Saved data entries
_ _ _

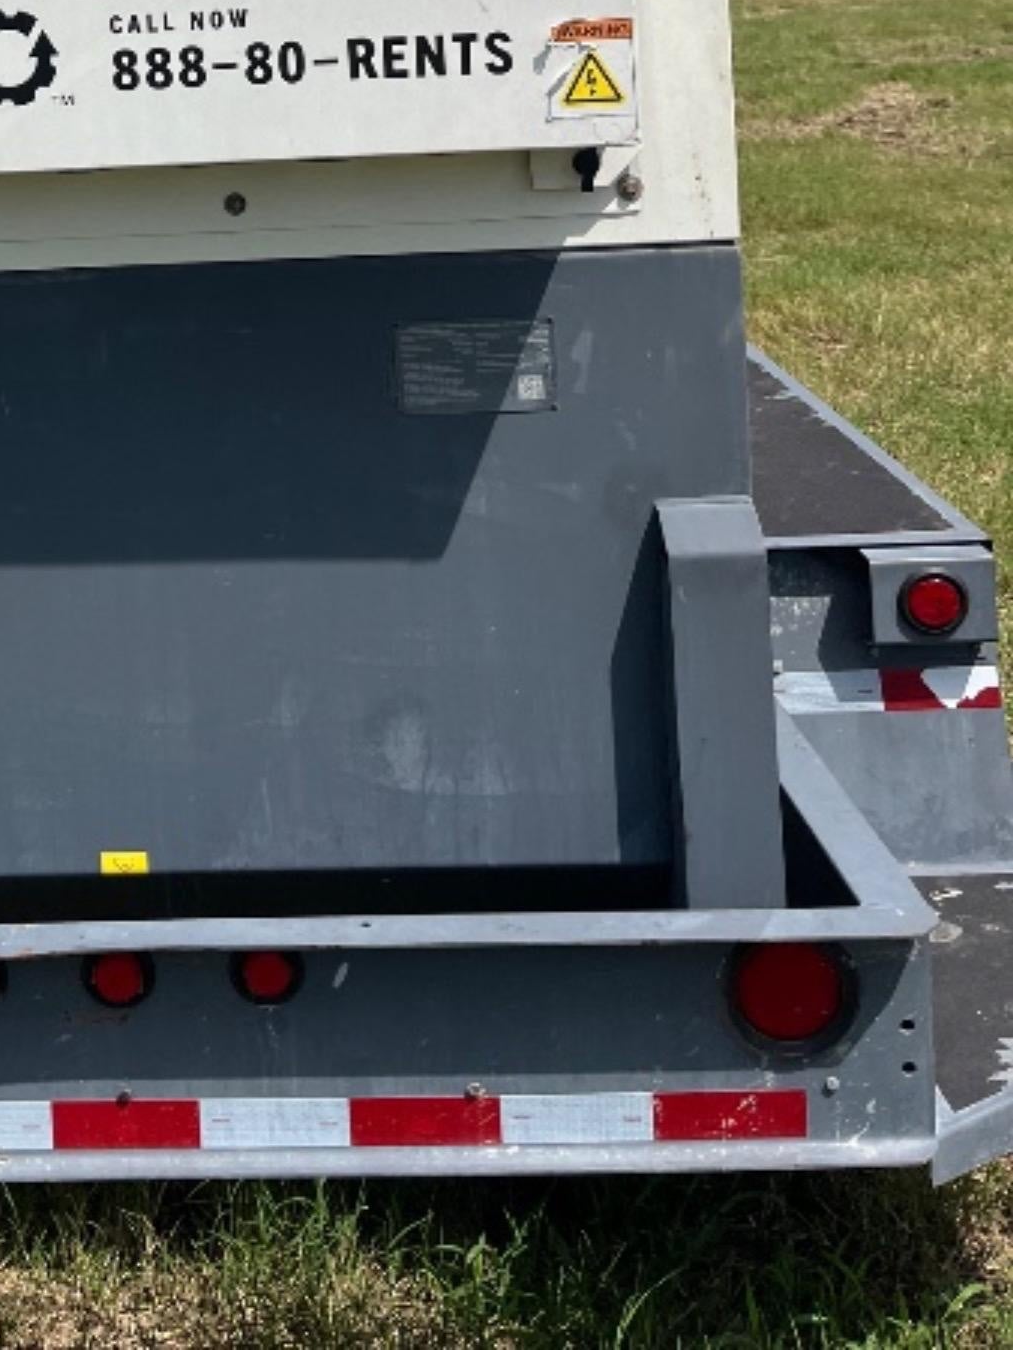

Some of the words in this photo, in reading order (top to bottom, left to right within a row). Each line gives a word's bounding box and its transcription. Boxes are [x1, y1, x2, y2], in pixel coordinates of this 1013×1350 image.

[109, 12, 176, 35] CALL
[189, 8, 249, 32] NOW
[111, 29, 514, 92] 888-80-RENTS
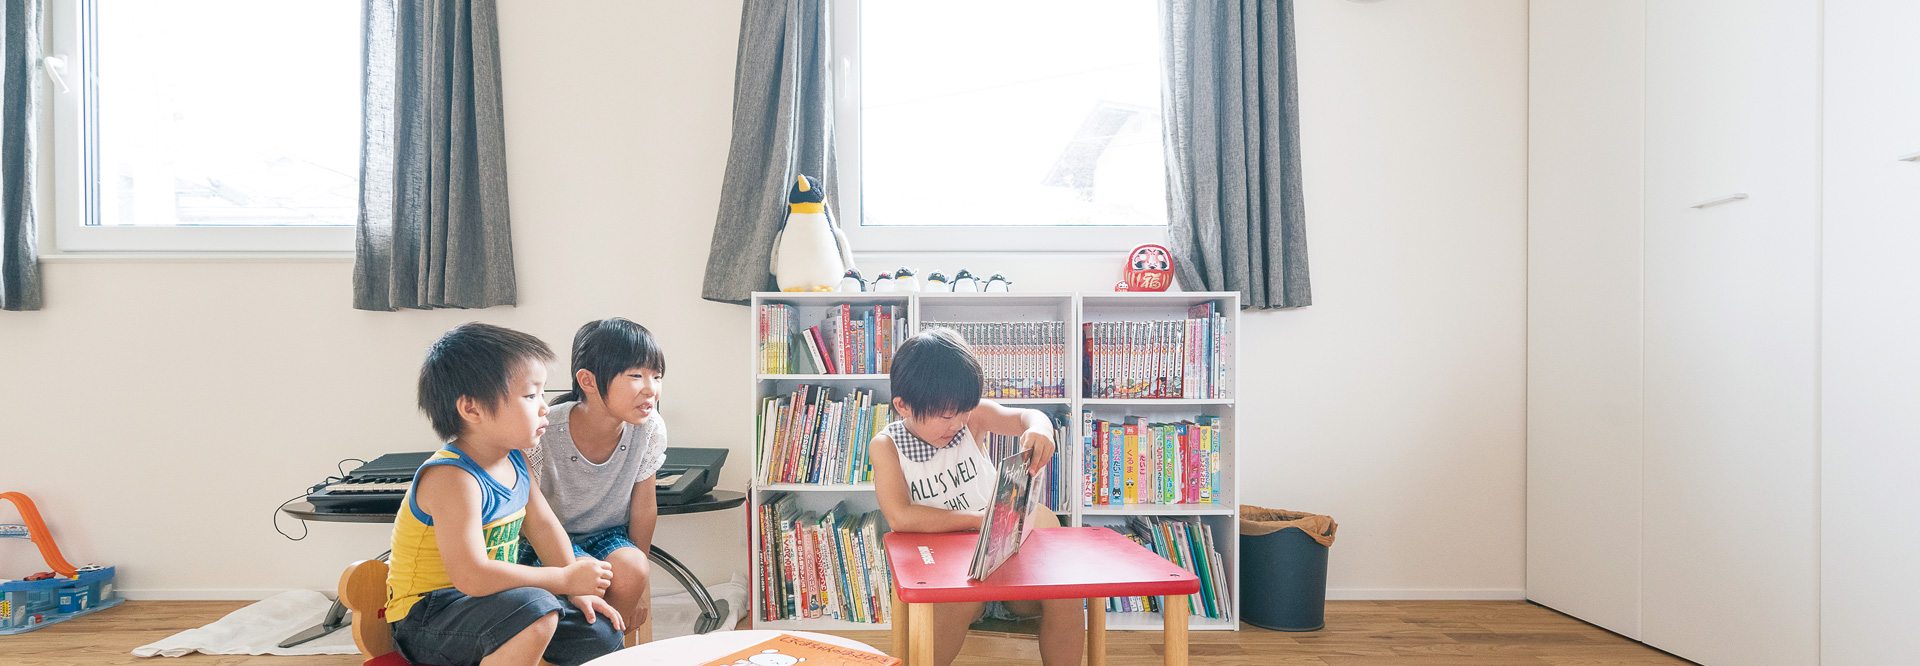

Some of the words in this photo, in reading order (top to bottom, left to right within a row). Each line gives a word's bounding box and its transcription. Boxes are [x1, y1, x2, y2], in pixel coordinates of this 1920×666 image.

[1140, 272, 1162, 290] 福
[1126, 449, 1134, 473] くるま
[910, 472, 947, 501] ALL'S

_ _ _

Reprint each of the records exactly and skip the images.

Some of the words in this photo, in reading order (top to bottom, left to right within a row). Each line gives a word's bounding box and its transcription. Boxes are [x1, y1, x2, y2], in pixel coordinates of this 1013×1350 image.

[109, 12, 176, 35] CALL
[189, 8, 249, 32] NOW
[111, 29, 514, 92] 888-80-RENTS

Some of the words in this photo, in reading order (top to bottom, left to right within a row). Each line gives a word's bounding box and its transcription. Boxes are [x1, y1, x2, y2], in pixel coordinates of this 1920×666 image.

[1140, 272, 1162, 290] 福
[1126, 449, 1134, 473] くるま
[910, 472, 947, 501] ALL'S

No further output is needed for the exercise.